- [Your task]: Please write out every record exactly, but keep any images out of it.

- [Dataset]:
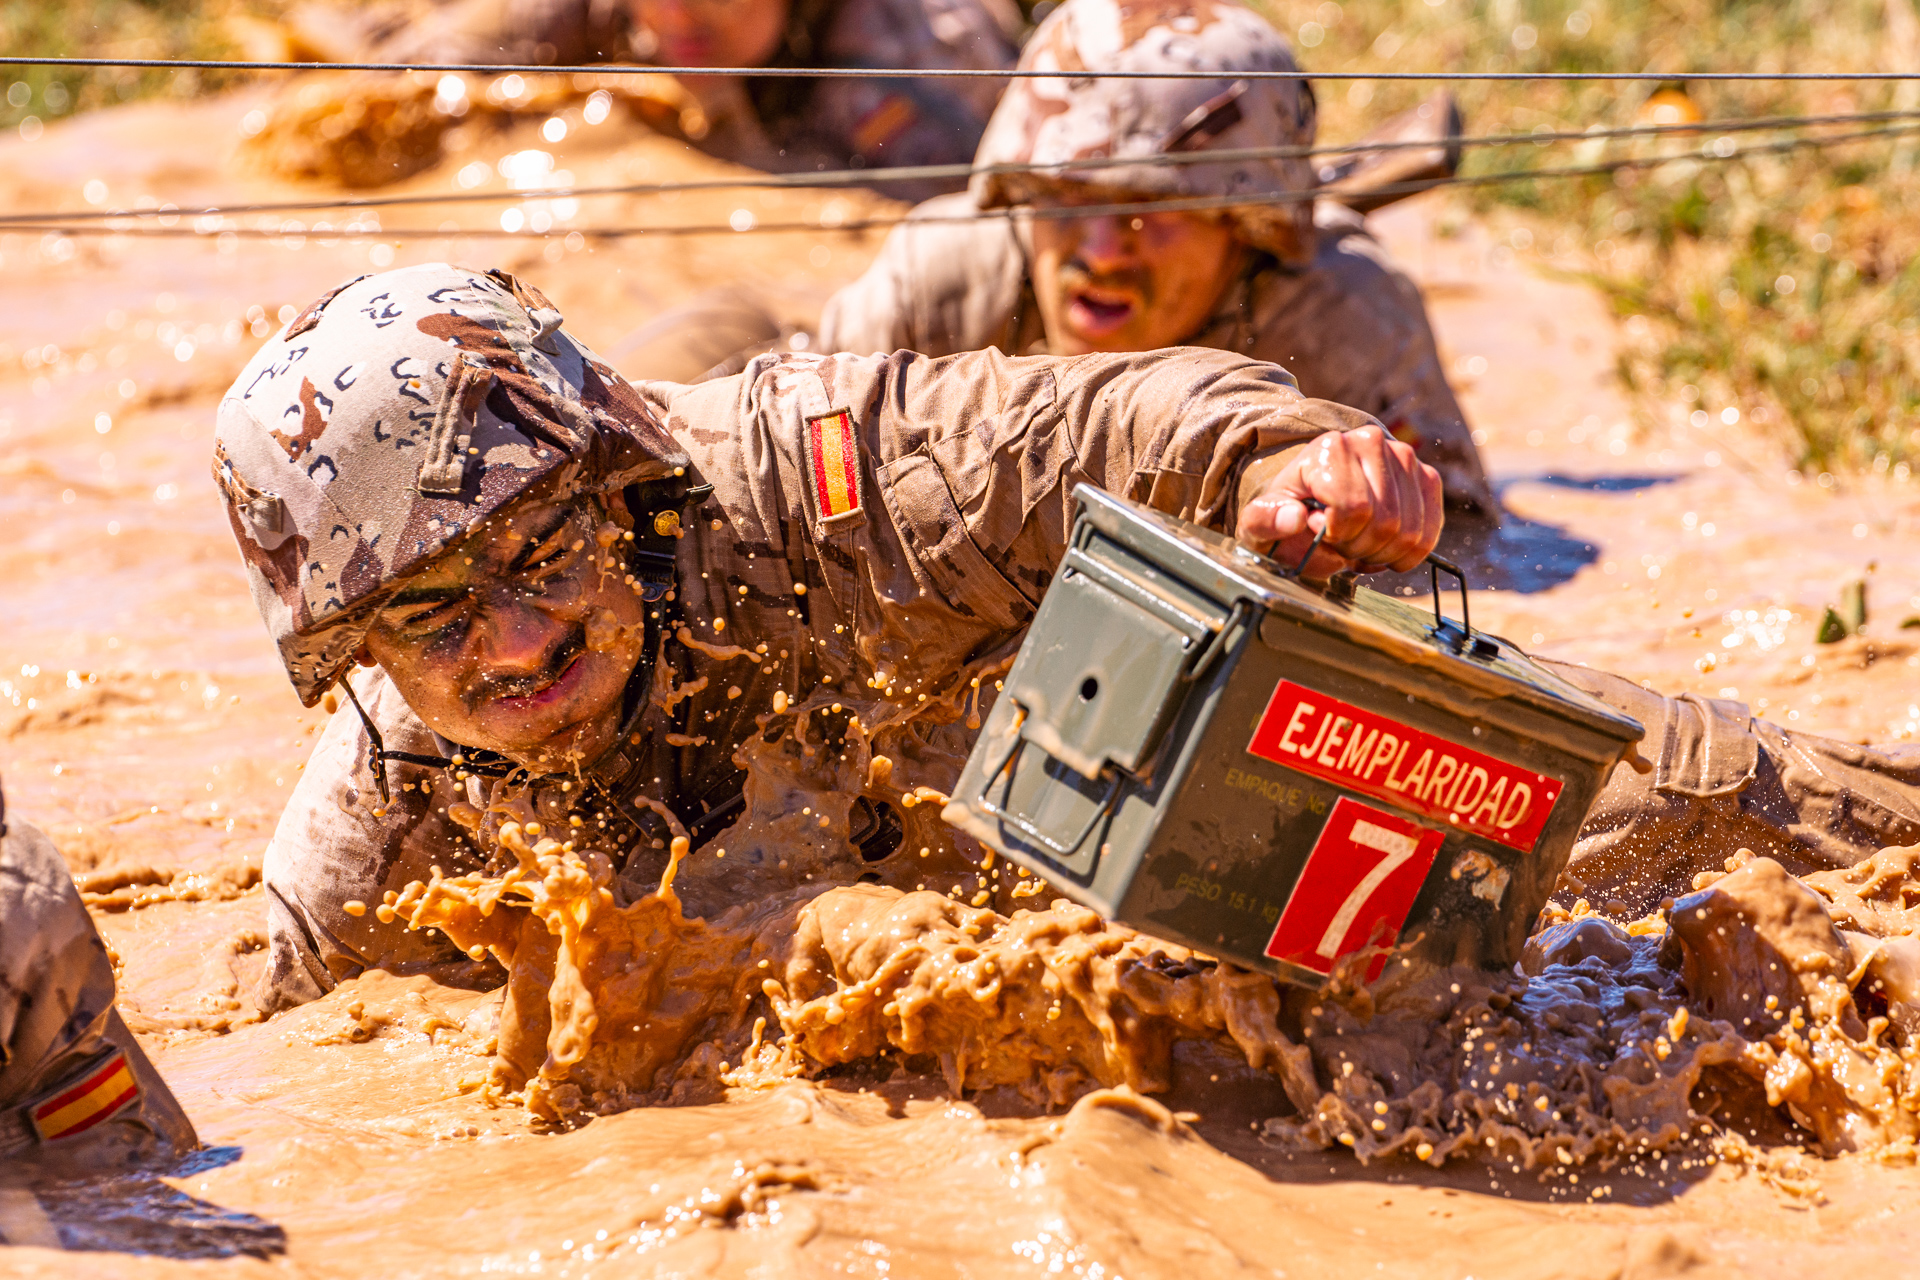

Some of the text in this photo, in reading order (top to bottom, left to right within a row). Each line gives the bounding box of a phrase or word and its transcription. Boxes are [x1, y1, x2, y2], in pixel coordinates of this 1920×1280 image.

[1224, 767, 1302, 807] EMPAQUE
[1278, 701, 1532, 829] EJEMPLARIDAD
[1174, 872, 1222, 902] PESO
[1261, 901, 1280, 924] kg
[1315, 818, 1421, 960] 7

- [Solution]:
Some of the text in this photo, in reading order (top to bottom, left to right within a row). Each line gives the bounding box of a phrase or word and its transcription. Boxes are [x1, y1, x2, y2], in pixel coordinates of this 1920×1280 image.

[1224, 767, 1302, 807] EMPAQUE
[1278, 701, 1532, 829] EJEMPLARIDAD
[1174, 872, 1222, 902] PESO
[1261, 901, 1280, 924] kg
[1315, 818, 1421, 960] 7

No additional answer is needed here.